This is rather a thankless task for the chanteys have little merit as literary compositions and their historical value, while great, is not always apparent on the surface. The understanding heart sees a chapter or a page in life's history in each rude ballad, but those who read to avoid thinking are just bored.
The compiler's task is not made easier by the horde of historians who write about the Great Lakes as though they were realtors commissioned to sell them with or without riparian rights, and who quote fragments of chanteys without giving their source or background.
Chanteys are popular, not from their literary or historical content, but because they all have beautiful old tunes which have ambled down the ages unruffled by the verbal company they keep. The tunes attract because they are the survival of the fittest to survive, the quintessence distilled from thousands and thousands of song flavors. All chantey tunes, like most ballad music, are borrowed from something older, perhaps better, perhaps forgotten.
If we extend chanteys to cover folk songs I would say that the best chanteys now in use—or the best folk songs—are the product of the hard present life of the Newfoundland fishermen. There is true folk poetry in these, full of local allusion, pathos and humor, and they have a vitality or present-day imprint which makes them unique.
It would not be surprising to hear to-morrow in Newfoundland a song on the blowing up of the Caribou last autumn. It would be set to some old Irish or Devonshire tune and would be packed with local and unpublished detail, such as who was chewing spruce gum when the explosion occurred and how much a victim's funeral cost.
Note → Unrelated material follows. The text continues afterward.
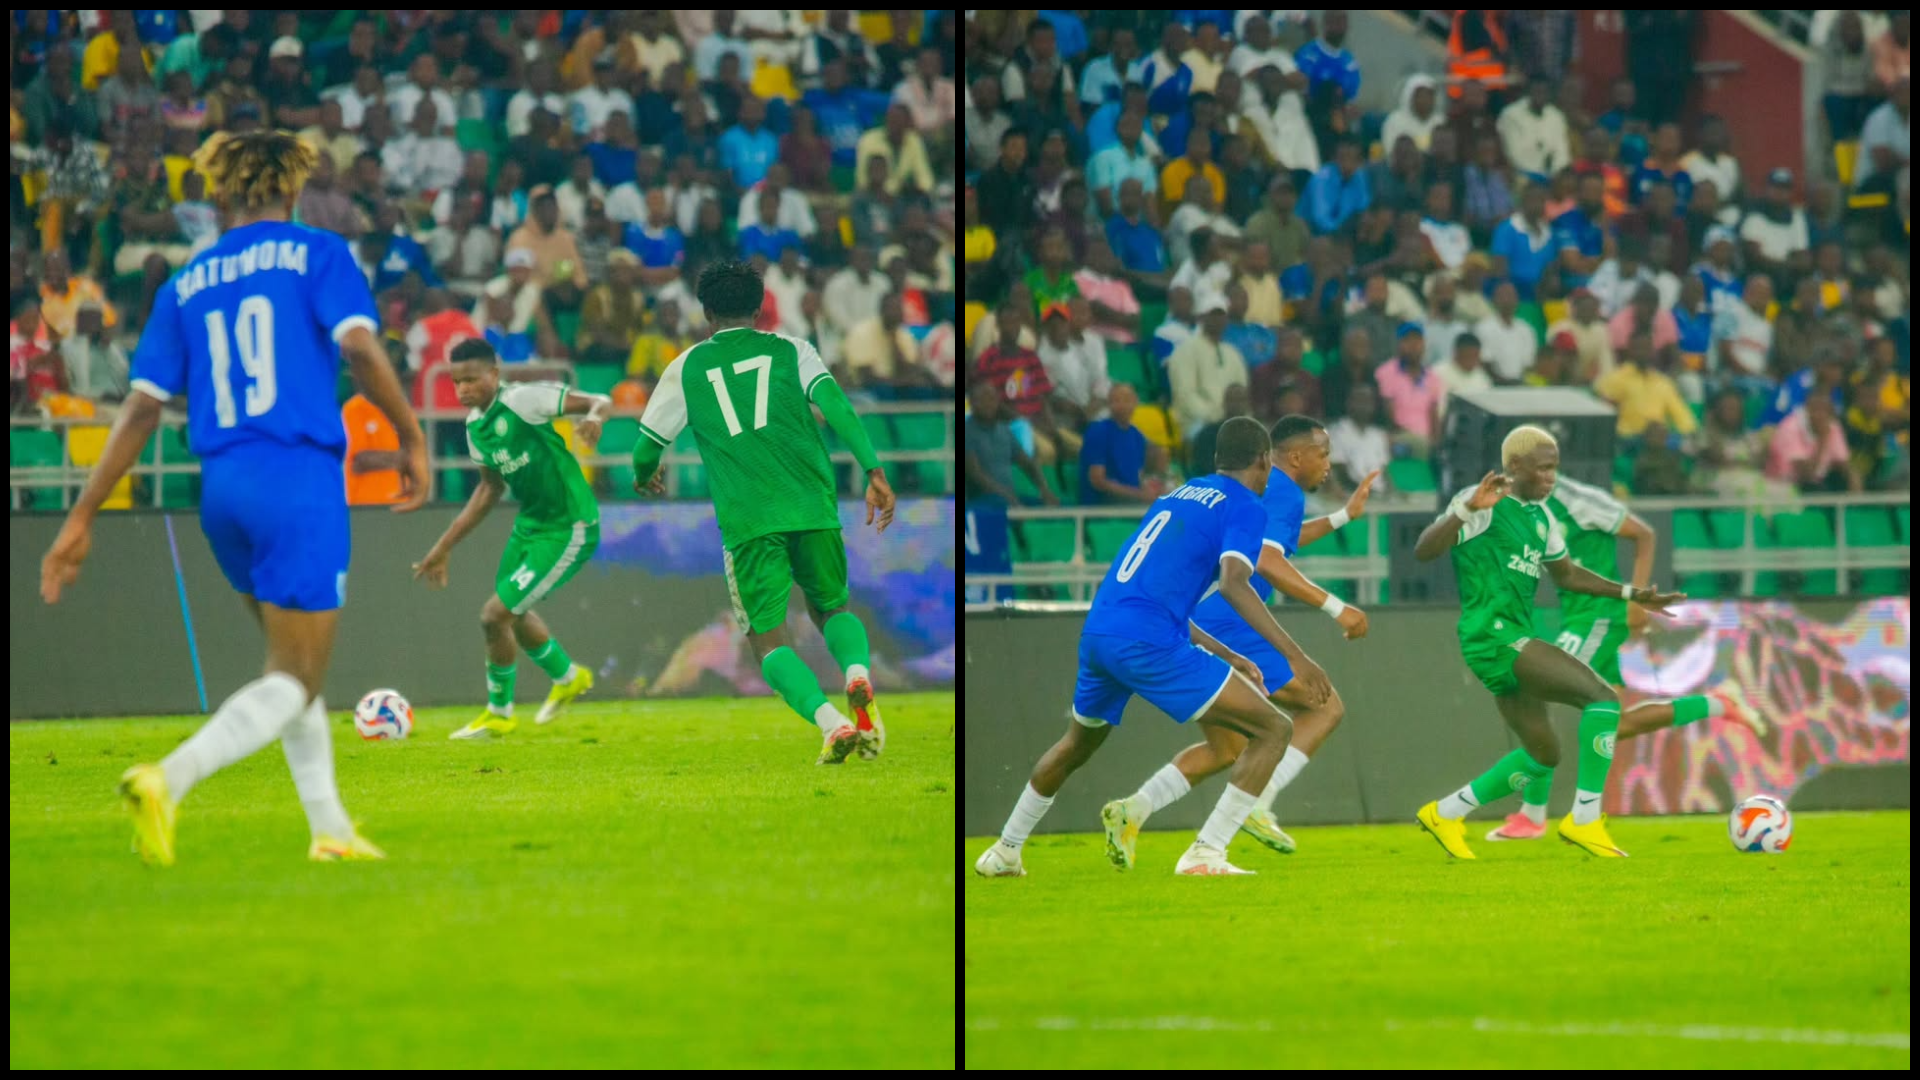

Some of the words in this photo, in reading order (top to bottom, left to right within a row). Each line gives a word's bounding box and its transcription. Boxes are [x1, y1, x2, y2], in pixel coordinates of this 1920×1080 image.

[205, 294, 278, 428] 19
[705, 355, 772, 437] 17
[510, 562, 536, 590] 14
[1116, 510, 1172, 583] 8
THE writer's experience of chanteys has been limited to the songs of men in lake schooners fromoners from 1890 onwards; black boatmen in British Guiana twenty years ago; Nova Scotian fishermen; Lunenburg riggers (Paul Myra had a repertoire of one hundred; a few Newfoundlanders, with the accent on the land, please; John Goss and his London singers; and the Shellbacks Club.
Chanteys are the product of the merchant marine. "Haul the Bowline," said to be the oldest, goes back to the days of carracks and galleons, perhaps as far as the Viking ships, when the bowline was a rope which helped haul the concave weather edge of the old square sails flat. In the sailing navy the rope's end and rattan unhappily took the place the chantey occupied in the merchantman and the songs which Dibden and others wrote were not sung while at work, but more often in the precarious shelter of homes ashore or waterfront taverns.
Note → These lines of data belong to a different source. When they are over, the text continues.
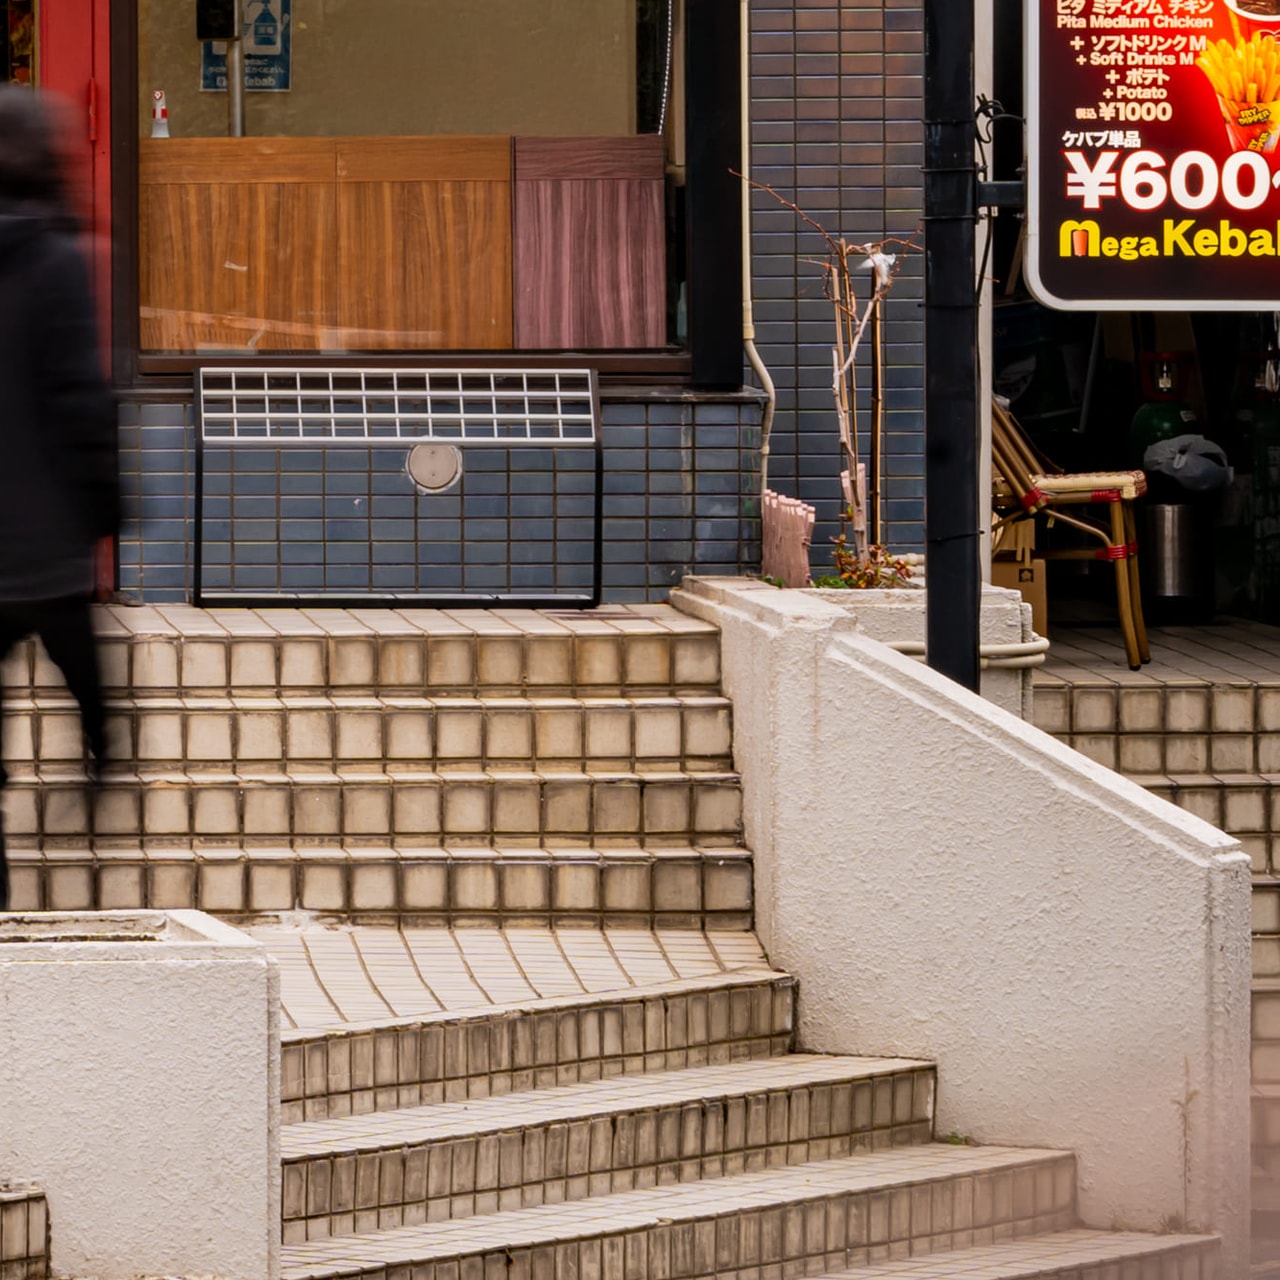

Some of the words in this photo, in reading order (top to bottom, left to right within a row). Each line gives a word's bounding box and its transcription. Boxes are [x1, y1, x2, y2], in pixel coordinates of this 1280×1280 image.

[1093, 0, 1162, 14] ミディアム
[1057, 16, 1087, 28] Pita
[1090, 16, 1149, 28] Medium
[1153, 16, 1213, 28] Chicken
[1091, 35, 1188, 51] ソフトドリンク
[1190, 36, 1207, 51] M
[1090, 52, 1124, 65] Soft
[1127, 52, 1177, 65] Drinks
[1180, 53, 1194, 65] M
[1126, 69, 1170, 85] ポテト
[1117, 86, 1167, 99] Potato
[1099, 102, 1172, 121] ¥1000
[1062, 130, 1141, 147] ケバブ単品
[1164, 220, 1280, 257] Keba
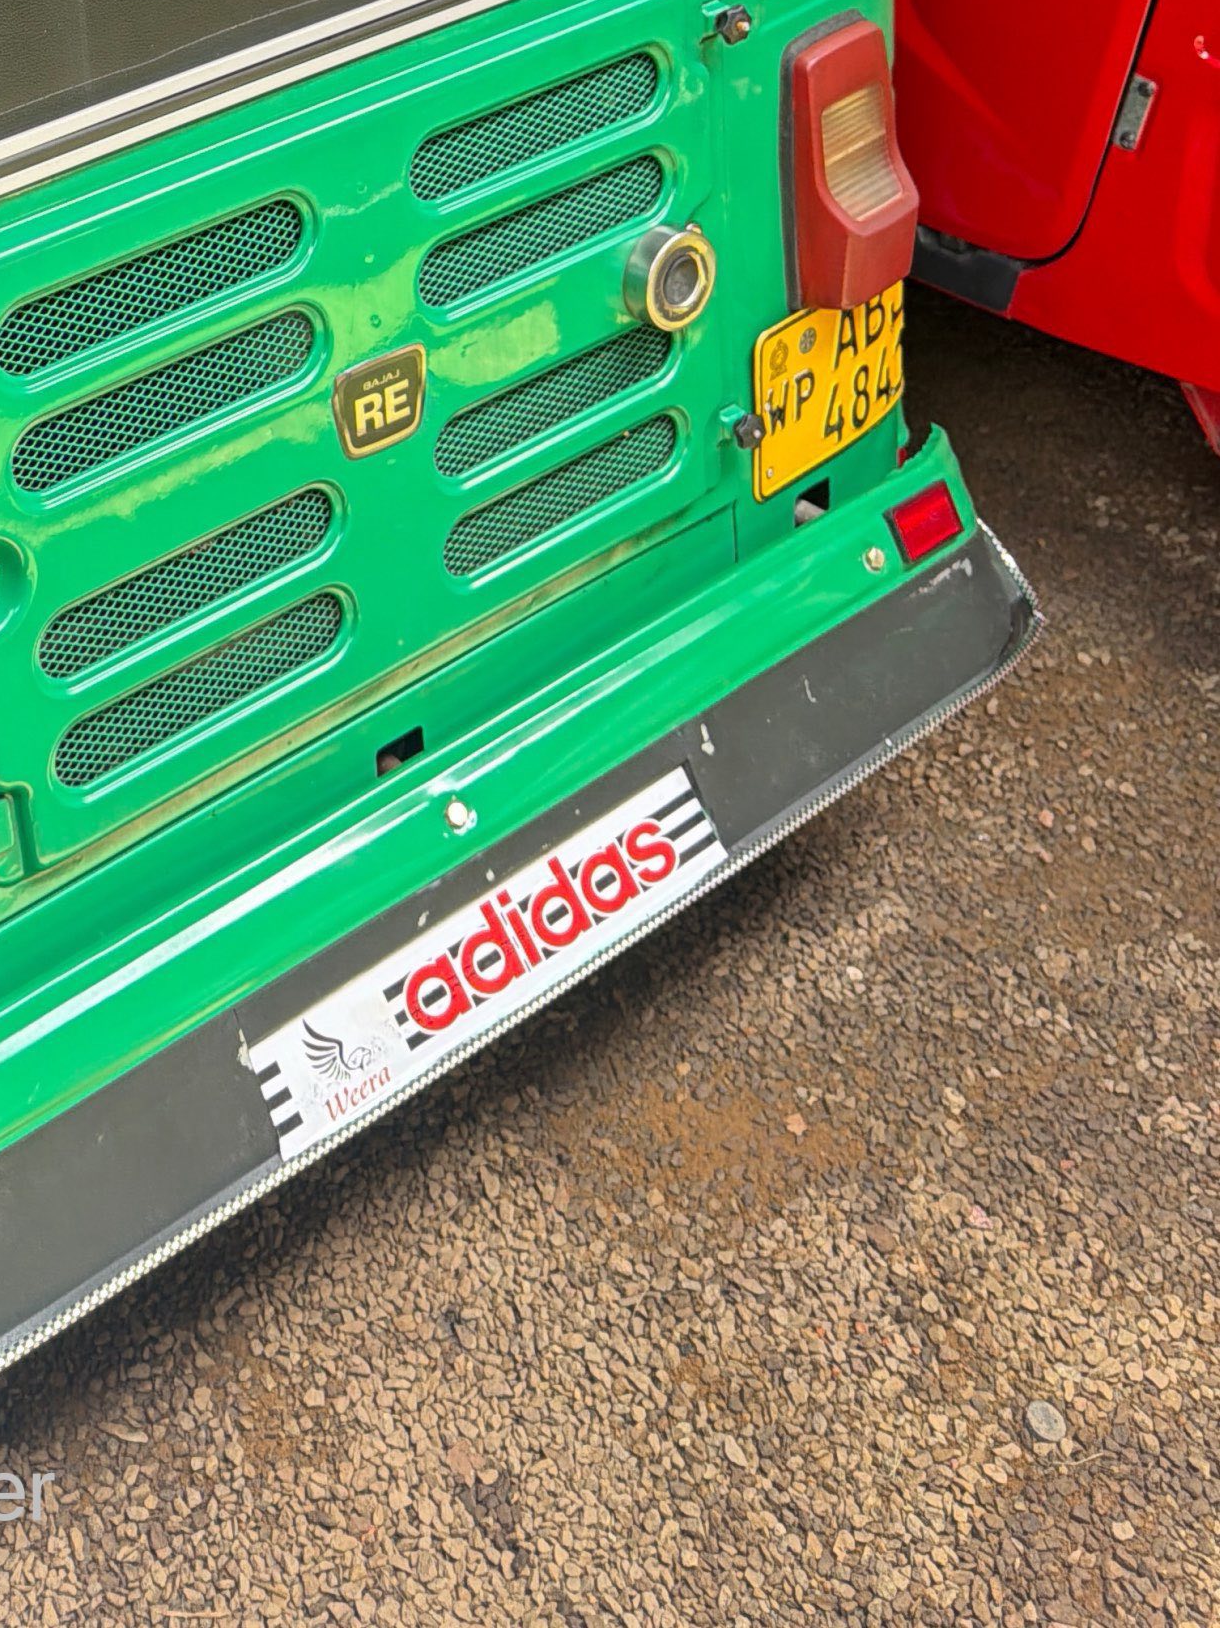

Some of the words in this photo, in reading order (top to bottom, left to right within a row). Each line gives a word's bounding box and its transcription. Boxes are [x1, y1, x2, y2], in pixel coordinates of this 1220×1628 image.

[355, 378, 411, 438] RE
[363, 369, 400, 391] BAJAJ
[766, 369, 815, 435] WP
[406, 822, 676, 1031] adidas
[324, 1066, 391, 1121] Weera
The word chantey has been in use for a long time, but the writer never saw it in print until Kipling wrote the "Last Chantey." At the end of the Victorian era it was still counted so slangy that it was not to be found in Webster.
True chanteys, that is, labor cries worked into rhythm and rhyme, were used extensively in lake schooners, besides the come-all-ye's and songs which are now considered chanteys but were really lake ballads, like the "Red Iron Ore," "Cruise of the Bigler," "The Schooner Persia's Crew," "The Jenny P. King," and so on.
Here is a sample, from memory, of Capt. Johnny Williams' exhorting his crew as they hove the Van Straubenzie around the hard corner of the Waterworks dock fifty years ago:
"With a high hoop!
"Weigh! Heigh!
"With a high hoop!
"Weigh! Heigh!
"With a high hoop!
"Young fellows!
"Strong backs!
"With a high hoop!
"Now grandma!
"Heave and bust 'er!
"With a high hoop!
And so on, by the hour, for it was a long hard job. Not unlike another chantey hundreds of years older, quoted below.
Hunting for the derivation of the word in France (from chanter, to sing) is as wide of the mark as guessing that in India when they went to move a shanty the foreman sat on the roof and sang a shanty song for the encouragement of the workers below. Shanty is not an Indian word. It's Irish, Seantig, old house, cradle of the come-all-ye.
By accident the word chanting was used a few sentences back. It seems, reasonable that sailors, who evolved "ditty" bags, "tiddley" ties, and "dipsy" leads, would call their humble efforts at chants "chanteys " That does not get over the hurdle that the word is always pronounced as though started with an S.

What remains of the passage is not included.